_Light and Life_ by Michael Gross is a brief overview of a variety of instances in which light - from the Sun and other sources - and life on Earth have interacted. A rather short book - not counting the suggestions for further reading it, is 149 pages - I found it an enjoyable, quick read. Though at times it got a bit technical, for the most part it was accessible and interesting.
After a brief preface describing some very general observations as to why light is important in understanding life on Earth and as to why the author decided to explore this topic, the author divided the book into six chapters, each with a different focus.
The first chapter really dealt with astronomy rather than with biology. In this section Gross explored the Big Bang, the origins of stars, the formation of the solar system, and the structure and functioning of the Sun. I found this chapter pretty general, mostly things I had read before, though a good overview. I did find his discussion of the left over radiation from the early universe, the cosmic microwave background, or CMB, interesting. Though its existence was predicted in 1948 by physicist George Gamow, it was only discovered 17 years later by accident, when Arno Penzias and Robert Wilson at Bell Laboratories were trying to determine the source of the excessive background radiation picked up by a microwave antenna that they had designed to receive satellite transmissions. A two-page discussion on neutrinos, while a bit off-topic, was also quite interesting, where the reader will learn about the massive devices built underground in attempts to observe these elusive and extremely difficult to detect particles that come from our Sun and other stars.
The second chapter was much more in line with the book's title, dealing with photosynthesis, including its evolution, the effects it has had on the geology, climate, and evolution of life on this planet, and how it is accomplished at the chemical level (this latter subject did get a bit technical but there were some helpful diagrams). Also discussed is the ozone layer, its formation, its importance to life, and the threats posed to it by pollution (with some discussion as to why certain pollutants interact with ozone).
Chapter three was quite interesting, veering away from the Sun and Sun-related topics, focusing instead on the world of bioluminescent organisms. One interesting point he made, when discussing ecosystems that form around hydrothermal vents, seemingly independent of the Sun, is that ultimately they still benefit from photosynthesis due to their reliance on oxygen, which is present in usable quantities thanks to the activities of photosynthetic organisms.
Gross made many interesting observations about bioluminescence. It is found in a rather diverse group of organisms with little apparent rhyme or reason. It is fairly common in the ocean, virtually absent in freshwater. Various groups of worms and insects can glow, but no spiders. Among vertebrates, only fish use it. There appears to be 30 non-related bioluminescent systems in nature, possibly meaning 30 separate incidents of independent evolution. Gross discussed the idea put forth by William D. McElroy and H. H. Seliger that originally the first such system did not evolve to produce light but rather to detoxify the oxygen that was introduced into the atmosphere by cyanobacteria (as most bioluminescent systems use oxygen). Later on, mitochondria were able to use and dispose of the oxygen much more effectively.
The book explored how light is produced in organisms and its many possible uses, including seeing, sexual signaling, alarm signals, bait, to deceive predators, and, what was interesting to me, "no use." Sometimes light appears to be an unwanted byproduct or at least produced for little understood reasons, such as is the case with luminescent fungi.
The many uses of bioluminescence by humans were explored. One interesting use related to detecting landmines; all landmines leak small quantities of TNT; researchers have developed a strain of bacteria (one that naturally feeds on this chemical) so that it would glow under a UV lamp.

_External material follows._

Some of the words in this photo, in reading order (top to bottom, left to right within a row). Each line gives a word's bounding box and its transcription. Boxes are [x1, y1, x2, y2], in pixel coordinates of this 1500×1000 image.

Chapter four explored biological clocks and movement guided by light, including photokinesis (light causing increased activity), phototaxis (light being an attractive signal to which an organism will run towards, phototaxis affecting both orientation and displacement of an organism), and phototropism (as when a plant grows or bends towards light). Also discussed in this chapter was the importance of sunlight to human health physically and psychologically. Interesting was a discussion as why peoples native to the tropics have darker skin; it has nothing to do with skin cancer, which only develops late in life, well beyond their reproductive age. Rather, it has to do with vitamin D synthesis (dark skin and low light would make for problems) and the destruction of folic acid (less often damaged in dark skinned people).

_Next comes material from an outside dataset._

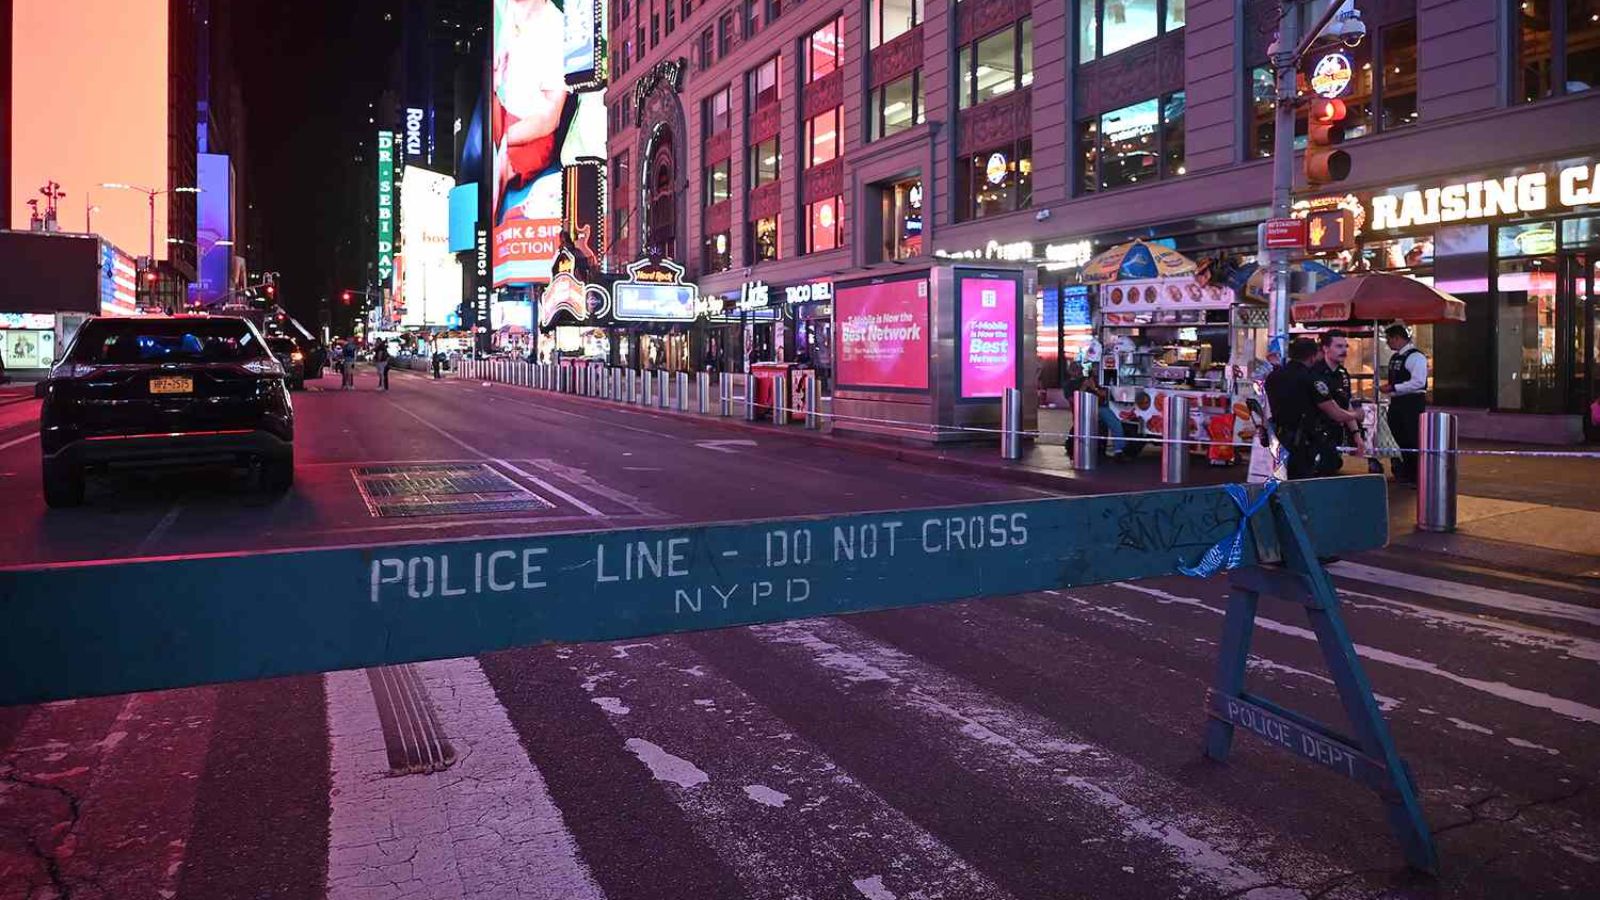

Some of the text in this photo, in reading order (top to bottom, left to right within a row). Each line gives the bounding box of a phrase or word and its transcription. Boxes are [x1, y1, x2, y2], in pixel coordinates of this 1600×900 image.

Chapter five was quite interesting, dealing with the evolution and structure of eyes in the animal kingdom, though largely focusing on the human eye. I learned many things I did not know, including about why cataracts form, color blindness (first systematically analyzed by an individual who suffered from it, John Dalton, more famous for the modern concept of the atom), saccades and trans-saccadic memory (saccades are rapid eye movements performed unaware to us up to three times a second, and the trans-saccadic memory creates continuity between images before and after a saccade, though studies have shown very interestingly that this memory is more schematic than detail-oriented; fascinating reading), and binocular rivalry (what happens when the eyes are presented with two separate, incompatible images, resulting not in a blending of the images or two images but rather an alteration of two competing images at apparently random time intervals, though this is to some extent influenced by conscious thought).
The final chapter was one of the briefest, providing some highlights of Sun worship through the ages and past thinking about light and vision. We've come a long way from the ancient Greek philosopher Empedocles' idea of "vision rays."